Heartstopper season 3 review: Joe Locke and Kit Connor sex up slow season

Heartstopper season 3 review and star rating: ★★★

It’s getting to the point where Joe Locke and Kit Connor, the UK’s most recognisable Gen Z acting exports, look a bit silly playing 16-year-olds trying to lose their virginity. Both have led Broadway productions and high-profile US screen projects. But no one ever came to Heartstopper, the impossibly cute drama about two queer teenage boys in love, for a reality hit. Millions of all ages have craved this mainstream LGBTQ representation for so long that we’re willing to suspend our belief; the sickly-sweetness sinking like a tonic that not quite corrects our own queer traumas but reassures us that things can be different.
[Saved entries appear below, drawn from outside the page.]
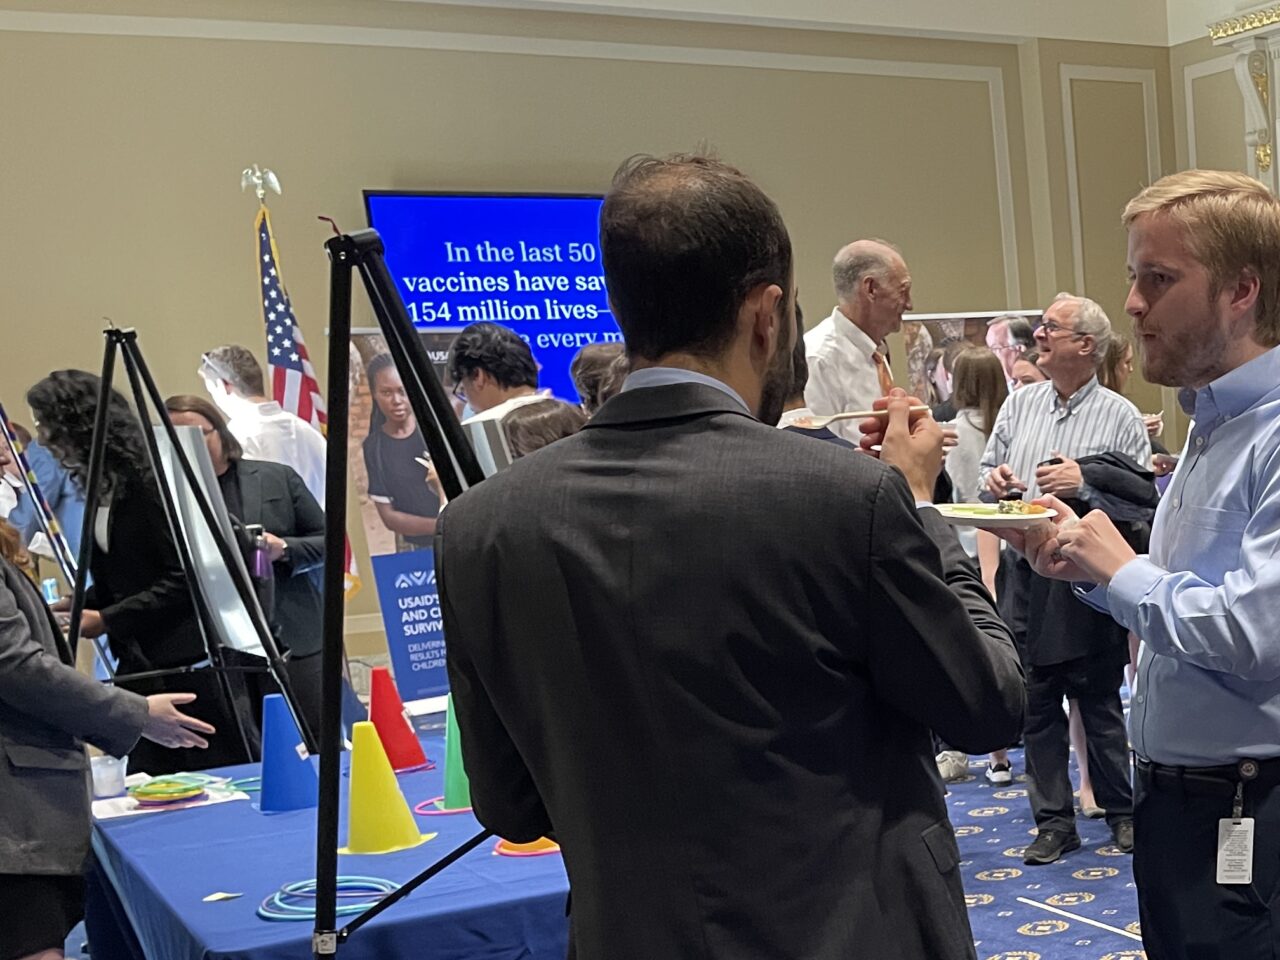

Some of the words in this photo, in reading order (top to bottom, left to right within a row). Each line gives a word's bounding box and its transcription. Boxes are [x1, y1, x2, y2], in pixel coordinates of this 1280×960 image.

[444, 241, 471, 262] In
[476, 240, 515, 262] the
[519, 240, 563, 262] last
[568, 242, 596, 262] 50
[402, 271, 510, 292] vaccines
[513, 269, 570, 291] have
[407, 301, 452, 322] 154
[457, 299, 541, 321] million
[536, 331, 598, 348] every
[402, 608, 428, 623] AND
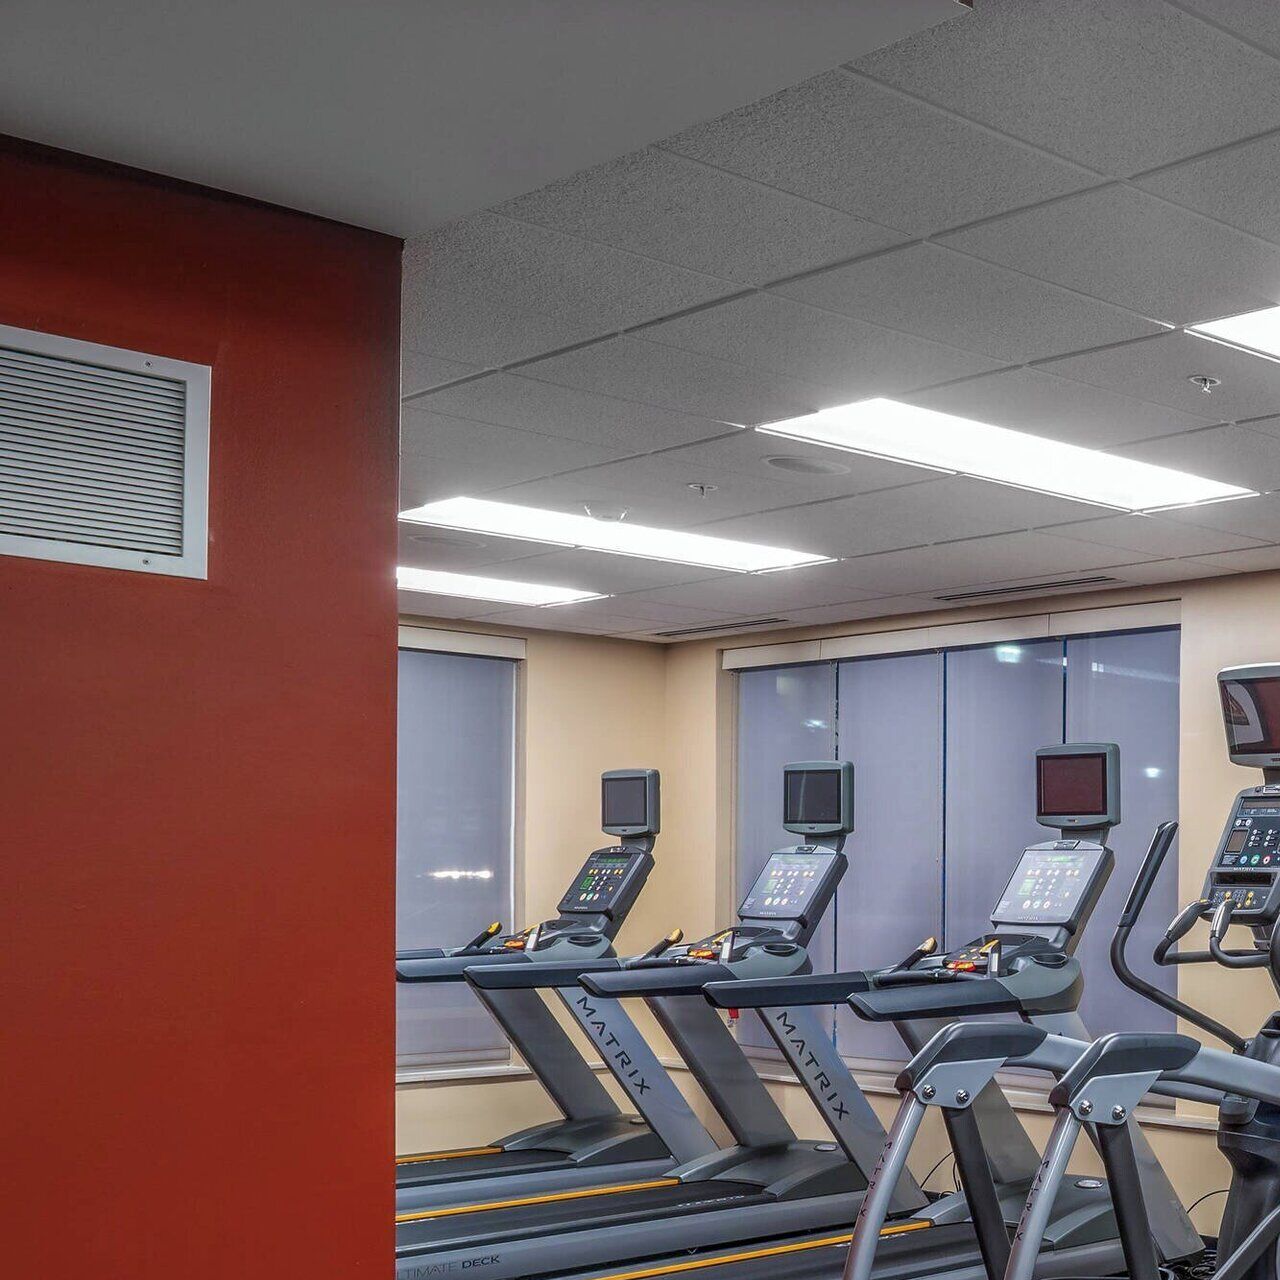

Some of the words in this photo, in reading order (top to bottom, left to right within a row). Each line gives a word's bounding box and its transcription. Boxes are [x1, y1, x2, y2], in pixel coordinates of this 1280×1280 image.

This third dispatch from Nick, Charlie and friends isn’t quite the hedonistic shag-fest fans may be hoping for after two seasons dedicated to watching the boys hornily snog behind any school doorway/locker room/large enough pile of coats that offered a moments’ privacy. Heartstopper season 3 can feel slow, craving more structure, and more excitement, offering a series of softly entertaining vignettes that meander rather than soar. In short, nothing of major significance happens, except a storyline about how Charlie’s in a rehabilitation centre because his eating disorder has worsened. 

Read more: Bradley Riches on Gen Z love, ‘going evil’ and Heartstopper season 3

The trailer for Heartstopper season 3, on Netflix 3 October

Heartstopper season 3: plenty of naked Kit Connor

Rejoice, though, because who wanted anything to happen anyway? Even if Nick and Charlie haven’t graduated from high school, Connor and Locke certainly have, and have become absolute thirst traps. Connor spends most of the time half naked but smiling sweetly, as if the idea of carnal desire had never occurred to him. Their chemistry explodes, but that creates a problem: it’s difficult to navigate the hanky-panky on screen for a pre-watershed audience. Alice Oseman’s leads are partly presented as young men entering their sexual prime, part Ken dolls. Some of the intimacy feels awkward and flatly unrealistic; no one smiles like that when they’re getting down to it, do they, really? Sometimes during the grown-up stuff they look more like they’re telling each other ghost stories and raiding the midnight snack jar than exploring each others’ bodies.

Heartstopper season 3 eventually finds its zephyr in the final episode when jeopardy is introduced by way of Nick’s difficult decision about whether to go to university far away from Charlie. It could have been extrapolated across more episodes and you feel for them. Regardless, the show continues being absolutely adorable, platforming important conversations about transgender identities, the power of the press and platonic friendship, though you crave threads of tension to be heightened. Charlie’s eating disorder storyline for instance feels too lightly touched; we see more upset from his passive-aggressive mother rallying against her son having a sleepover than we do from a boy checked into a health clinic because of the severity of his condition. 

The challenge perhaps is that a show aimed at young teens has ended up appealing to such wider audiences. Following the recommissioning of Red, White and Royal Blue, there is clearly a gap for more mainstream queer programming.